You see, my sister had experience Jim’s menace first hand. One day, my sister went to get my mother after Jim threatened to kill her. When she arrived, with two witnesses, Jim grabbed a pot of boiling hot oil and held it over my sister’s head. As the other people restrained themselves to prevent any accidental spillage, Jim and my sister stood as he thought about killing her. Eventually he decided not to kill her. The police did not act.

One day Jim called the police in Straton, CO, and told them that my sister had threatened him with a gun. Even knowing what kind of person Jim is, the police made a felony traffic stop against my sister, pulling her from the car, throwing her on the ground and handcuffing her. They did not find a gun because she did not threaten him. She couldn’t have, he had stolen the gun she had for protection against him. The police didn’t act against Jim.

The police didn’t stop at not acting; they encouraged another police department not to act. The Sheriff’s Department of Cheyenne County Colorado was contacted by the Englewood Wood Police Department. The story the Sheriff told my sister is different than the one he told the Colorado Bureau of Investigation. The story the Englewood Police told the Colorado Bureau of Investigation is different than they told me. They all differ from the story my sister heard from my mother. I am going to tell you the story as best I can figure it out.

After the murder of his friend, Jim began to threaten to kill people. Sherriff of Cheyenne County Virgil Drescher told him to leave town, even though he knew Jim was drunk. Jim then started the two hour drive from Cheyenne Wells, CO to Denver, CO. Between those two points is a city called Englewood. The Englewood Police stopped Jim for driving drunk after he brought himself to the police’s attention when he made an illegal U turn. Jim convinced the police officer that he was distraught from the death of his son, who had been murdered recently. The police officer called Sheriff Virgil Drescher who told the police officer that there in fact was a murder and he in fact sent Jim out of town.
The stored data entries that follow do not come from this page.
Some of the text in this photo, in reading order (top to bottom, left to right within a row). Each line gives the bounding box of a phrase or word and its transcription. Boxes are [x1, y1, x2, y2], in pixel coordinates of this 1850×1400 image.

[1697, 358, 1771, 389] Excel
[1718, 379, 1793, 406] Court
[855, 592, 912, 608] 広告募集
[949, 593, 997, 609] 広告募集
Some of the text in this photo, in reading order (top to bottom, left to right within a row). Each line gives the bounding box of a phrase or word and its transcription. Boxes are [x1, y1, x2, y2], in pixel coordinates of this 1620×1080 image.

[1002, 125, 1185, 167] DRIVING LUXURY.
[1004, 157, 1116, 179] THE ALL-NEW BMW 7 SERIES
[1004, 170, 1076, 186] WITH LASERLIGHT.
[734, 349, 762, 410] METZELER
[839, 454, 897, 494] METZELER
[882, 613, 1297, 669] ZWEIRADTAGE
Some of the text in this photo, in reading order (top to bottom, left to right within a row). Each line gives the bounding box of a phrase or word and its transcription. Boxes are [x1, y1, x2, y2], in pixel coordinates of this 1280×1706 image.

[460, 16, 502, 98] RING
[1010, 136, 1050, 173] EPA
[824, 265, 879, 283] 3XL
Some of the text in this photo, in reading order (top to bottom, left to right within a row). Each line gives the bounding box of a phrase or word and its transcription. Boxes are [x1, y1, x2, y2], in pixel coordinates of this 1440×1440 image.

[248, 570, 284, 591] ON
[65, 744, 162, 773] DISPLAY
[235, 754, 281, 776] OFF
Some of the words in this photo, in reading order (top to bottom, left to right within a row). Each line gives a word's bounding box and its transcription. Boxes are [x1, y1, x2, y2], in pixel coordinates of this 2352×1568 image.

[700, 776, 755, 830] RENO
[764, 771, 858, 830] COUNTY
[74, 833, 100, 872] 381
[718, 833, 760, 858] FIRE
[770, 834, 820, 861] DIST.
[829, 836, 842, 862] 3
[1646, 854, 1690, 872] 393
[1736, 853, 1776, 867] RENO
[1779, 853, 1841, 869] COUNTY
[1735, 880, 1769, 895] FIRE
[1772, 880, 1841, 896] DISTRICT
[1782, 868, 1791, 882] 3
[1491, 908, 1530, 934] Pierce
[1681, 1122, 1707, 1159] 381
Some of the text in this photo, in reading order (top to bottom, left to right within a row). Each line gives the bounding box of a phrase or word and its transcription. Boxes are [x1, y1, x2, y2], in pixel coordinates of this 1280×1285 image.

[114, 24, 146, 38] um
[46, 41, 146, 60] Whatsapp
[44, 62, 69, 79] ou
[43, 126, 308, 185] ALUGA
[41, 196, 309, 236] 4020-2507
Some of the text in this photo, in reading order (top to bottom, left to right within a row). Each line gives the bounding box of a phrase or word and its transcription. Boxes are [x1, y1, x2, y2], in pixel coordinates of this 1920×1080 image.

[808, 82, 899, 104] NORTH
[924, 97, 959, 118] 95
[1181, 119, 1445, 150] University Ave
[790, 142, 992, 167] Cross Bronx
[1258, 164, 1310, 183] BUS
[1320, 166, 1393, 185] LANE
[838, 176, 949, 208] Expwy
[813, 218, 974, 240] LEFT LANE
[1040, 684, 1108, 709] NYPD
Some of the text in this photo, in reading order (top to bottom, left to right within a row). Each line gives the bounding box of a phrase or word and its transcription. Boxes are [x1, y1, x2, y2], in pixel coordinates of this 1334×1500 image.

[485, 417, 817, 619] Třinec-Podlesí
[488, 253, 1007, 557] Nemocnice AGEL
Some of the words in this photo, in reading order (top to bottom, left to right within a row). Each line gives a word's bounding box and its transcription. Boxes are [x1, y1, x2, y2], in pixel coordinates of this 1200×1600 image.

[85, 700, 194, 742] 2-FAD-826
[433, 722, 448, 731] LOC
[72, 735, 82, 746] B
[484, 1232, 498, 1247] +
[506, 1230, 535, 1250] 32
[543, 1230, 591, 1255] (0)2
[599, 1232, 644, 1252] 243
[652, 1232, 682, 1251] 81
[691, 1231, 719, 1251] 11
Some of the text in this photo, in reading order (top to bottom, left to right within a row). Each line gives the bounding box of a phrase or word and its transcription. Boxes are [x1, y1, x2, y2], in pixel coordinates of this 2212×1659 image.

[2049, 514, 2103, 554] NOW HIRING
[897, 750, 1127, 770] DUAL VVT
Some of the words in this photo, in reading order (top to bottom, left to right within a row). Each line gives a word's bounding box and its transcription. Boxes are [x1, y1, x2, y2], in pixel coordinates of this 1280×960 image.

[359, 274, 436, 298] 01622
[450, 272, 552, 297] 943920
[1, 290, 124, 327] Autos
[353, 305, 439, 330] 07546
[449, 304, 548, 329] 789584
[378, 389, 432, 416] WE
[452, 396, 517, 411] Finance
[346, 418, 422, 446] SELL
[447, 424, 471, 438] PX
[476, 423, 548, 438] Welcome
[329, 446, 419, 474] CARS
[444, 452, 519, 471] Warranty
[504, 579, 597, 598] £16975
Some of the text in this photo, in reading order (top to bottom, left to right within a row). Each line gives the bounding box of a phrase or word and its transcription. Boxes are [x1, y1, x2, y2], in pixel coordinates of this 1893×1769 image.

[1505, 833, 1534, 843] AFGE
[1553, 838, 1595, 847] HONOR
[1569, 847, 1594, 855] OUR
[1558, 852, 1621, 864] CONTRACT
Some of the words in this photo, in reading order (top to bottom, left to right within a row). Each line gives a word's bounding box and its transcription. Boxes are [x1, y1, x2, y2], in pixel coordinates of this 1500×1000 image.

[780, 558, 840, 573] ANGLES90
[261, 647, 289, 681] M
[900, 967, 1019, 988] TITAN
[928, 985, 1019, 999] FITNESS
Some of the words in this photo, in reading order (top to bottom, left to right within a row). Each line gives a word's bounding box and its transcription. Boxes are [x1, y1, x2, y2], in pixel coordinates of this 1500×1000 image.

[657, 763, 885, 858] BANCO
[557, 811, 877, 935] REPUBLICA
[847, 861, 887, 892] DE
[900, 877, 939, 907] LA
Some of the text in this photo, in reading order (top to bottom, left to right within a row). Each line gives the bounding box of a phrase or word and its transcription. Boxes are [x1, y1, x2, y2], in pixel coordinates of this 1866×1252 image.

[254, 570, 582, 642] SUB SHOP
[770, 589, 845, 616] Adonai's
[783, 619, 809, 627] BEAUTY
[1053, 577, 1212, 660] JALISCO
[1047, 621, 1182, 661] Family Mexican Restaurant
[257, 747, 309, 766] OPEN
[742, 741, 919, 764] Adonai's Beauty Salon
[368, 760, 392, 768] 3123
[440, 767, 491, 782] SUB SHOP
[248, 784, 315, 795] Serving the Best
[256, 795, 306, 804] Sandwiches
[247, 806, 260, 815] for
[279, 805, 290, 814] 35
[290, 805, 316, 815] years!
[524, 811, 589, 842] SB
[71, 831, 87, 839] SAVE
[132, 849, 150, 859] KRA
Taking compassion on Jim, the police officer did not impound his truck, did not arrest him, and wrote him a ticket for not having insurance. He then drove the Jim to a friend’s house.

The Sheriff, Virgil Drescher, was not only unable to make an arrest, he prevented a legitimate one from being made. This isn’t the first time the police have let us down. A number of years ago I called the Yuma County Sheriff, whose name I can no longer remember, because Jim had a warrant out for his arrest in his county. I was told, “He is too expensive to house. We can’t afford the eye surgery he needs.” Jim did not need eye surgery, he needed to be arrested. We called the Wisconsin State Police to come and pick him up on a warrant they have for his arrest there. They told me they don’t extradite over misdemeanors. What is the rumor about what passes for a misdemeanor in Wisconsin? Jim held people hostage in a trailer. Even if regular old trailer trash doesn’t warrant a felony, doesn’t a police officer? One day Jim held a gun to a police officer in Straton. Eventually the felony menacing charges were dropped.

I only have one true family member, my sister. We have been abandoned by every person who was supposed to care for us but we have always had each other. I would do anything in the world to protect her, anything.

Jim has started another cycle of terror against my sister. We have begged the police to act. We begged the Mayor of Cheyenne Wells to act. We asked the City Employees to act. We asked the County Council. We have begged legislators to make them act. We have begged the governor to act. In Colorado the police aren’t even responsible to enforce restraining orders. It is every woman for herself in Colorado. No one will act. Reasonable efforts have been made and now decent people like me are left with nowhere to turn and only indecent options left.